==== Supplied information ====
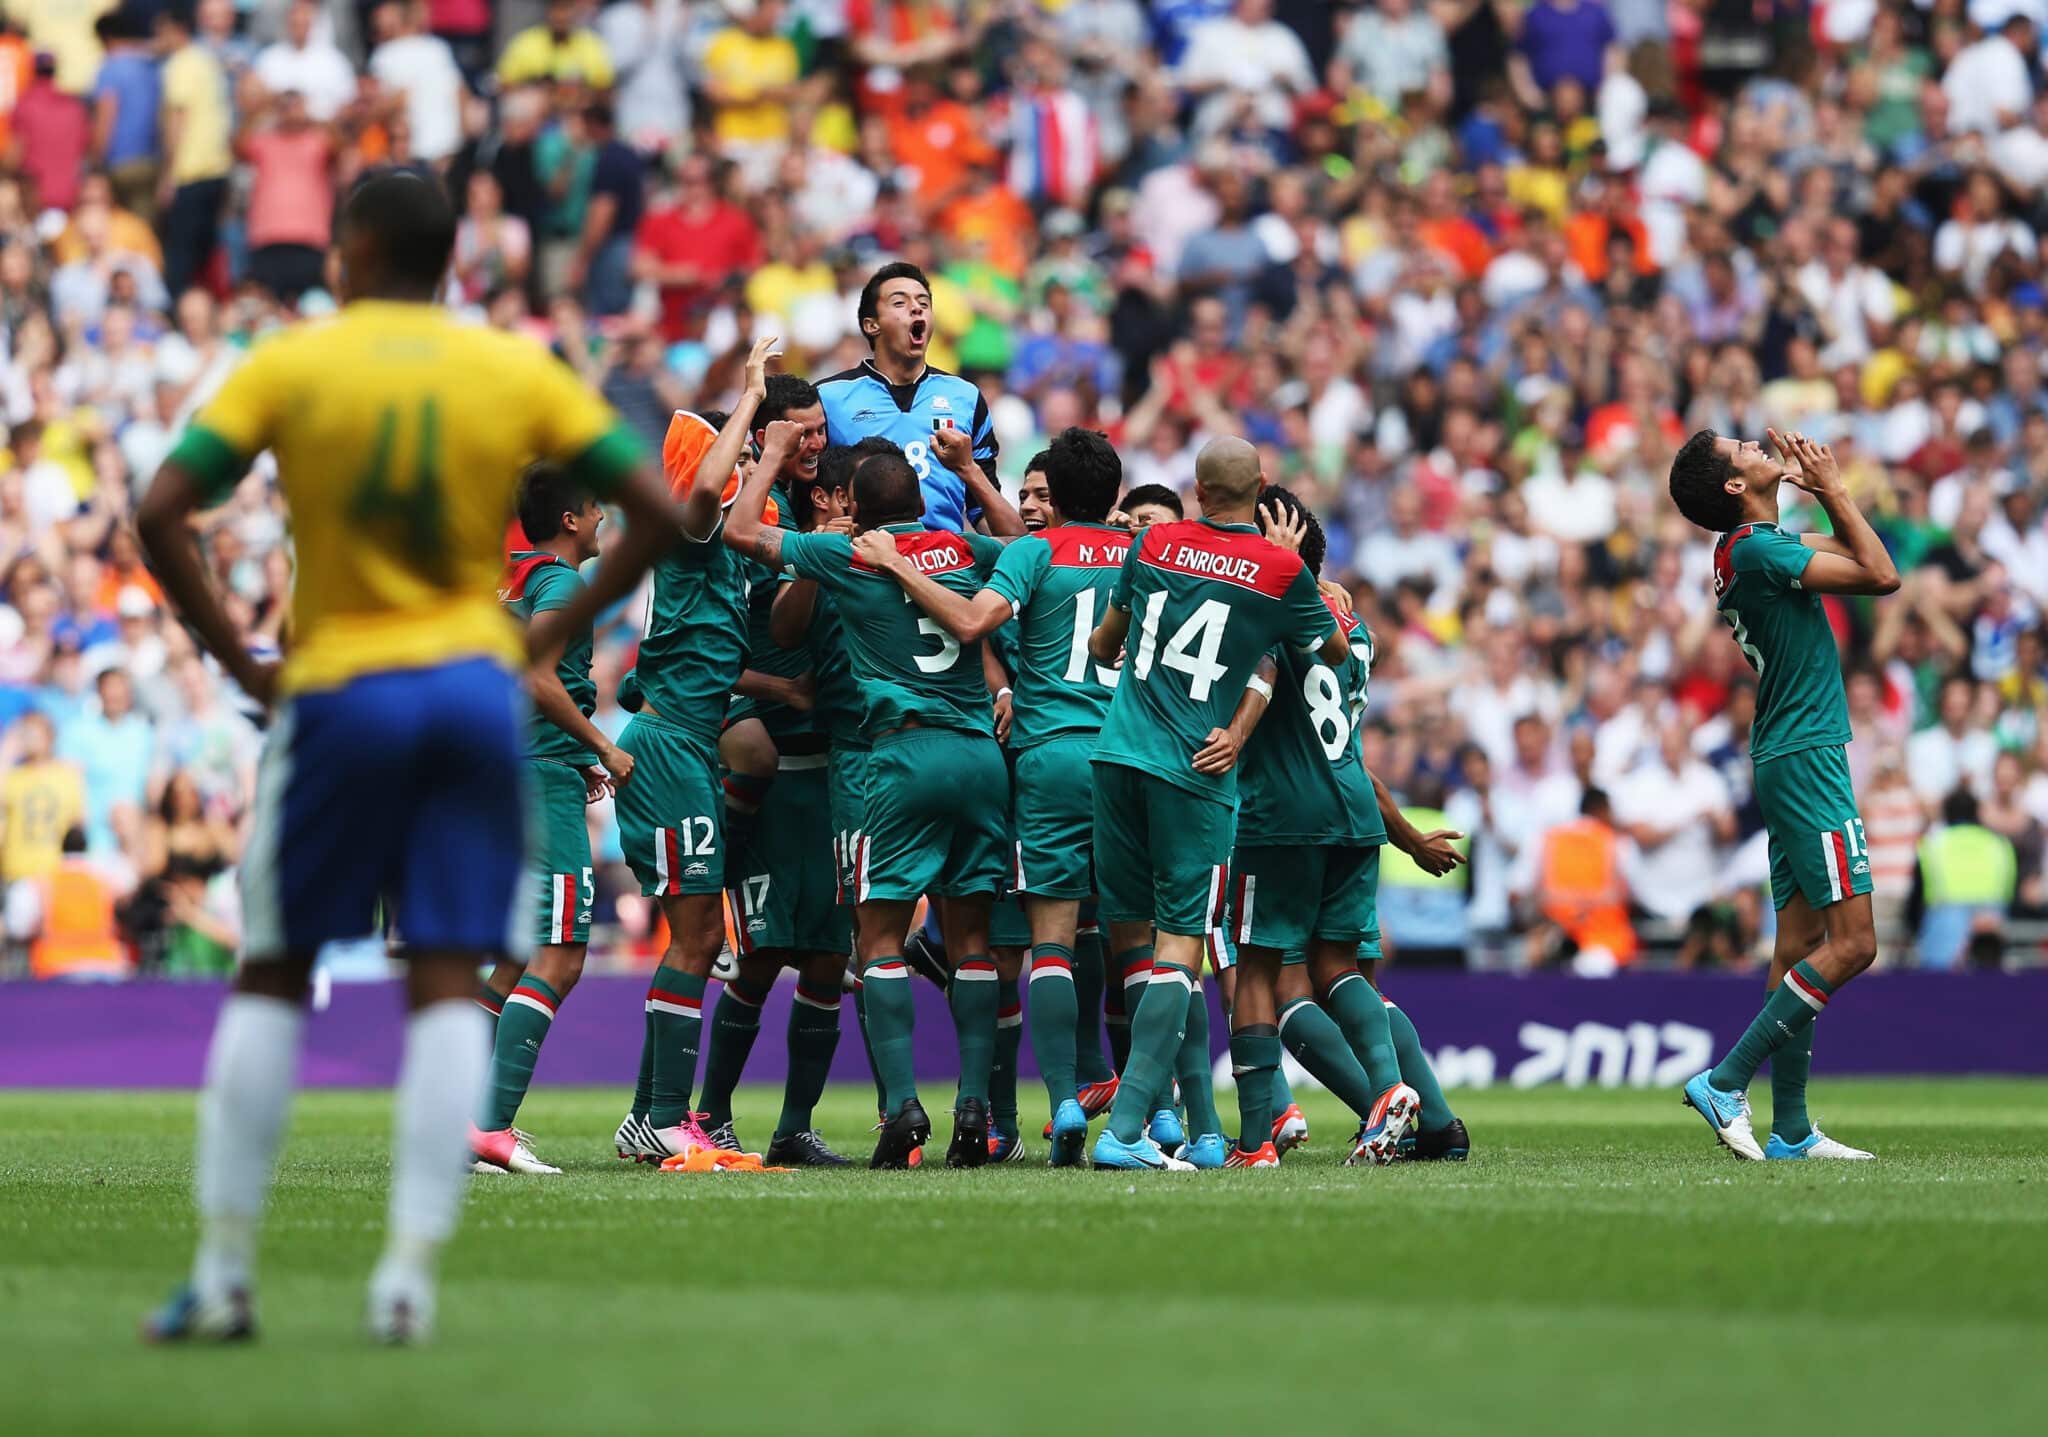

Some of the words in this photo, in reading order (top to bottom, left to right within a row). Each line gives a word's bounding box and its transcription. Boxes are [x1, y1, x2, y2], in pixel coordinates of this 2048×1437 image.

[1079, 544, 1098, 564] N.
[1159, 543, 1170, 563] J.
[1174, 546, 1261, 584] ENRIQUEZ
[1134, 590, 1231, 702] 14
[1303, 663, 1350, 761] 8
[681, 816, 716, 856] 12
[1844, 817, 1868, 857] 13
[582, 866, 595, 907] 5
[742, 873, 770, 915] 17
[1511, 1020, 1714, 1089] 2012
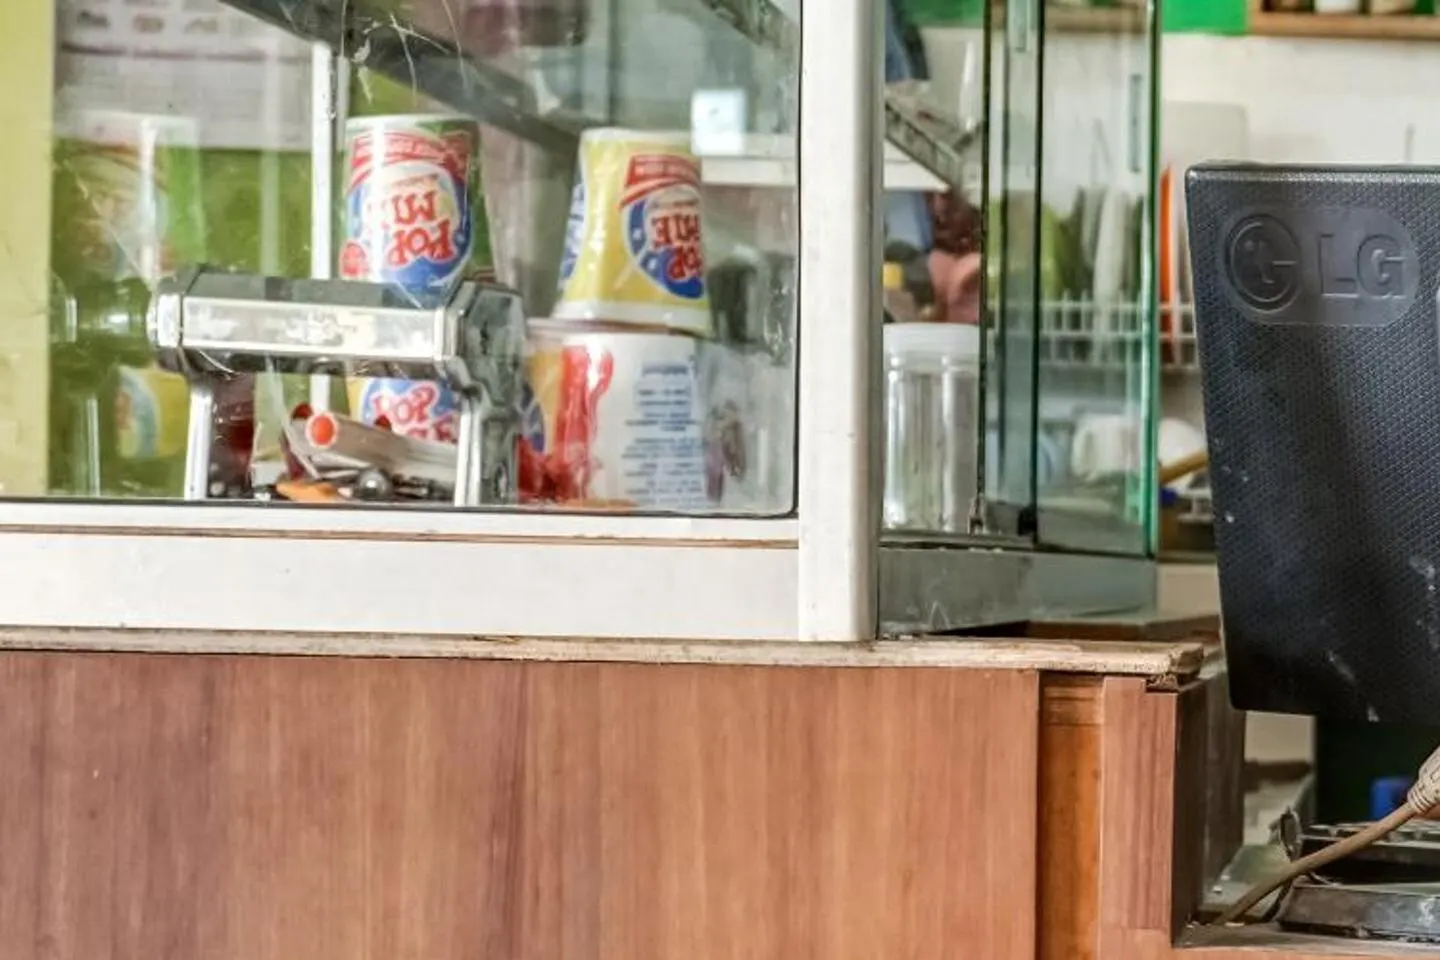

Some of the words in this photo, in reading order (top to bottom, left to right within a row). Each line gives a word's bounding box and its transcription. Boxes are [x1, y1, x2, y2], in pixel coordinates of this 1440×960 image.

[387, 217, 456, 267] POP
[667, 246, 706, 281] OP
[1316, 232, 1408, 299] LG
====
- **Required action**
From start to finish, output the listing exactly, but omit its pictures.

- **Answer box**
Some of the words in this photo, in reading order (top to bottom, left to right within a row). Each line gives a word's bounding box and its transcription. Boxes are [x1, y1, x2, y2], in pixel coordinates of this 2048×1437 image.

[1079, 544, 1098, 564] N.
[1159, 543, 1170, 563] J.
[1174, 546, 1261, 584] ENRIQUEZ
[1134, 590, 1231, 702] 14
[1303, 663, 1350, 761] 8
[681, 816, 716, 856] 12
[1844, 817, 1868, 857] 13
[582, 866, 595, 907] 5
[742, 873, 770, 915] 17
[1511, 1020, 1714, 1089] 2012

Some of the words in this photo, in reading order (top to bottom, left to right within a row). Each line gives a word's bounding box and its transcription. Boxes are [x1, y1, x2, y2], in pixel coordinates of this 1440×960 image.

[387, 217, 456, 267] POP
[667, 246, 706, 281] OP
[1316, 232, 1408, 299] LG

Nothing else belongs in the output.